Barbar (18, 102 dak.)
Gözden geçirmek: ****
Karar: Gülerek korku
Üzüntü Üçgeni (15, 147 dakika)
Gözden geçirmek: ****
Karar: Korkuyla gülüyor
Bilenmiş pençeleri ve sararmış dişleriyle Cadılar Bayramı üzerimize çöküyor. Bu nedenle, bir filmi duruma uygun hale getirme niyetindeyseniz, pençelerin ve dişlerin büyük olduğu Barbarian’dan başkasına bakmayın.
Bu, ABD gişesinde şimdiden mükemmel bir iş çıkarmış olan düşük bütçeli bir yapım ve bunu hak ediyor; yazar-yönetmen Zach Cregger için akıllı, korkutucu ve tamamen uğurlu bir solo çıkış.
En çok bir çizgi roman oyuncusu olarak bilinir ve Barbarian’da bazı değerli mizah anları vardır, ancak öncelikle MeToo sonrası çağımızda birçok film gibi erkeğin kadına karşı insanlık dışılığını ele alan bir korku-gerilim filmidir.
Jordan Peele’nin harika Get Out (2017) filmiyle ortak olarak, bu, bir İngiliz’in, bu durumda müthiş Georgina Campbell’ın başrolde olduğu bir Amerikan hikayesi.
Yağmurlu bir gecede, köhne bir Detroit semtindeki Airbnb kiralık evine geç gelen Tess’i oynuyor, sonra orada başka bir kiralama acentesi aracılığıyla yer ayırtmış olan bir adamın zaten orada kaldığına inanamayarak.
Bilenmiş pençeleri ve sararmış dişleriyle Cadılar Bayramı üzerimize çöküyor. Bu nedenle, bir filmi duruma uygun hale getirme niyetindeyseniz, pençelerin ve dişlerin büyük olduğu Barbarian’dan başkasına bakmayın.
Bu, Tess gibi görünen karışıklık karşısında şaşkına dönen Keith (Bill Skarsgard). İlk sahneleri birlikte filmin en iyileridir, çünkü Cregger tamamen sıradan bir durumdan, yaklaşan bir korku hissini akıllıca örer.
Keith iyi bir adama benziyor, cesurca kanepede uyumayı teklif ediyor ve tek yatağı ona bırakıyor ve bir şişe kırmızı şarap ve ortak bir müzik tutkusu üzerinde bağ kurmaya başladıklarında Tess’in anlaşılır cagagesi geriliyor.
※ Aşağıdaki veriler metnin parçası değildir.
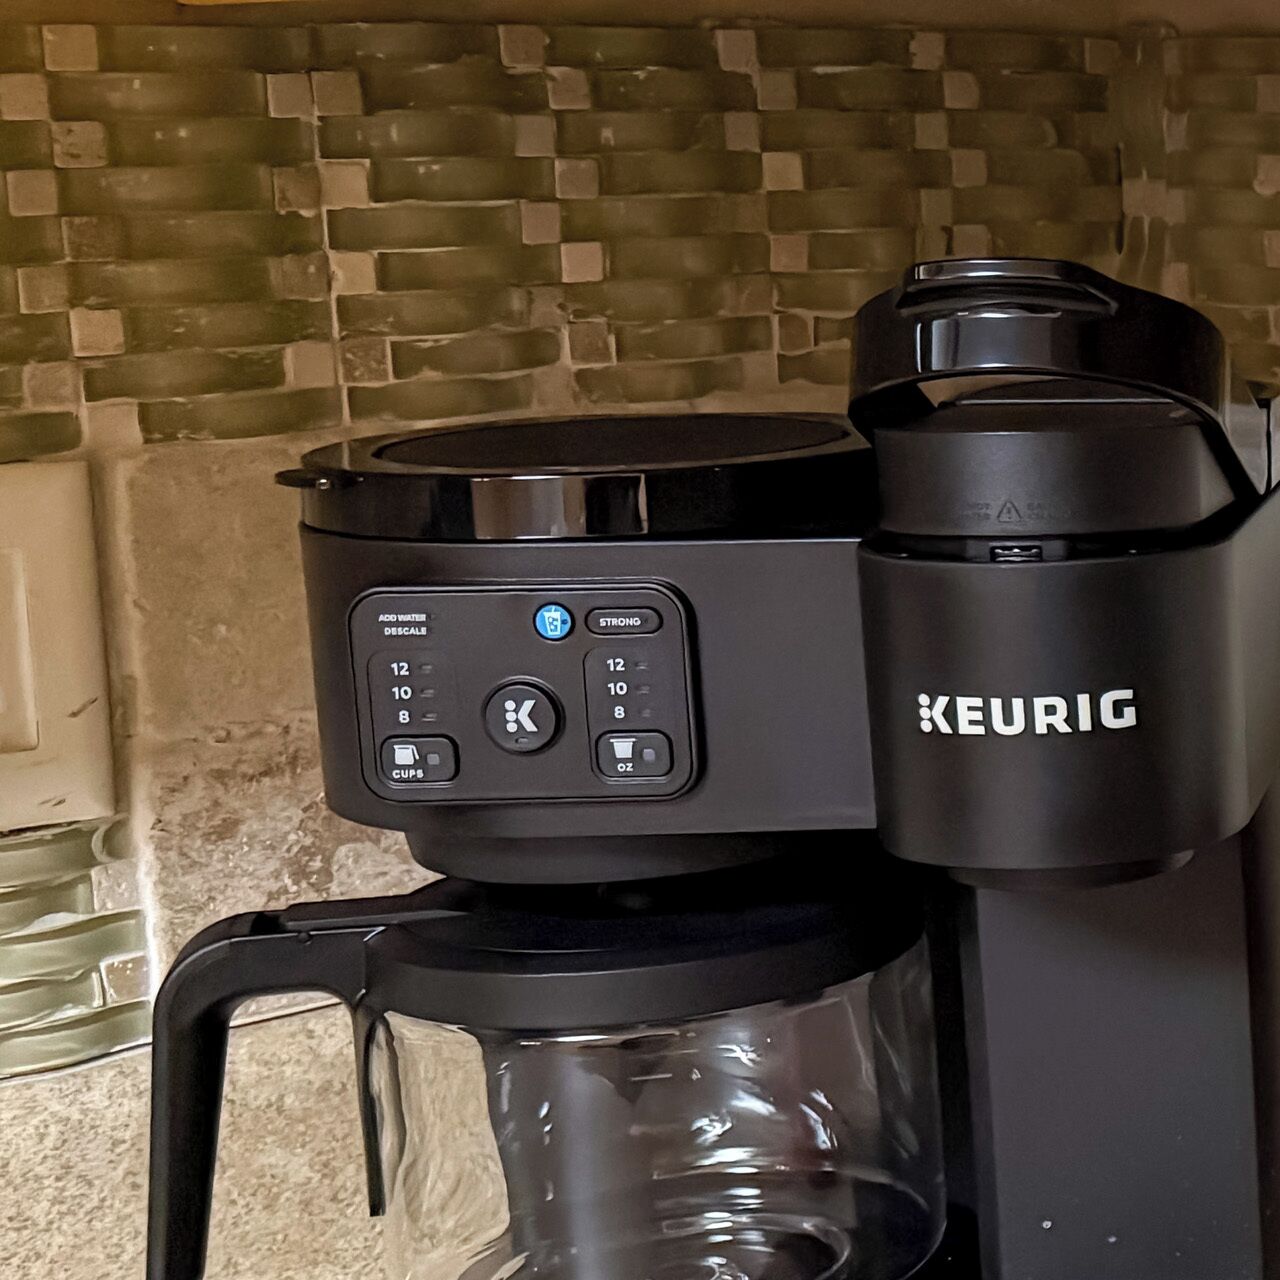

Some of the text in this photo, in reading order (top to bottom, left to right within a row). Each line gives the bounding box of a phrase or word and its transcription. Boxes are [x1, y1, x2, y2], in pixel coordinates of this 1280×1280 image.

[378, 613, 426, 622] ADD WATER
[599, 617, 641, 627] STRONG
[384, 626, 427, 635] DESCALE
[391, 662, 410, 675] 12
[606, 658, 625, 671] 12
[391, 686, 412, 700] 10
[607, 682, 627, 695] 10
[398, 710, 410, 723] 8
[613, 706, 625, 720] 8
[917, 688, 1137, 736] KEURIG
[392, 769, 424, 779] CUPS
[617, 763, 633, 772] OZ
Korku hayranlarının onu It filmlerinden şeytani palyaço Pennywise olarak tanıdığı göz önüne alındığında, Skarsgard’ı seçmek hoş bir dokunuştu. Buradaki karakteri göründüğü kadar düzgün olabilir mi?
Diyelim ki, mülkün altında ürkütücü derecede geniş bir bodrum var, ancak işler birden fazla yönden gerçekten karanlıklaşıyorken, odak aniden, iğrenç aktör AJ Kilbride’in dişisinin kadın olduğunu keşfettiği, güneş ışığıyla aydınlatılan Kaliforniya’ya geçiyor. yakın tarihli bir yapımda rol alan oyuncu, onu ‘uygunsuz cinsel davranışla’ suçluyor. İlk başta, tamamen farklı bir filme karışmış gibiyiz. Ancak kısa sürede bağlantılar kurulur.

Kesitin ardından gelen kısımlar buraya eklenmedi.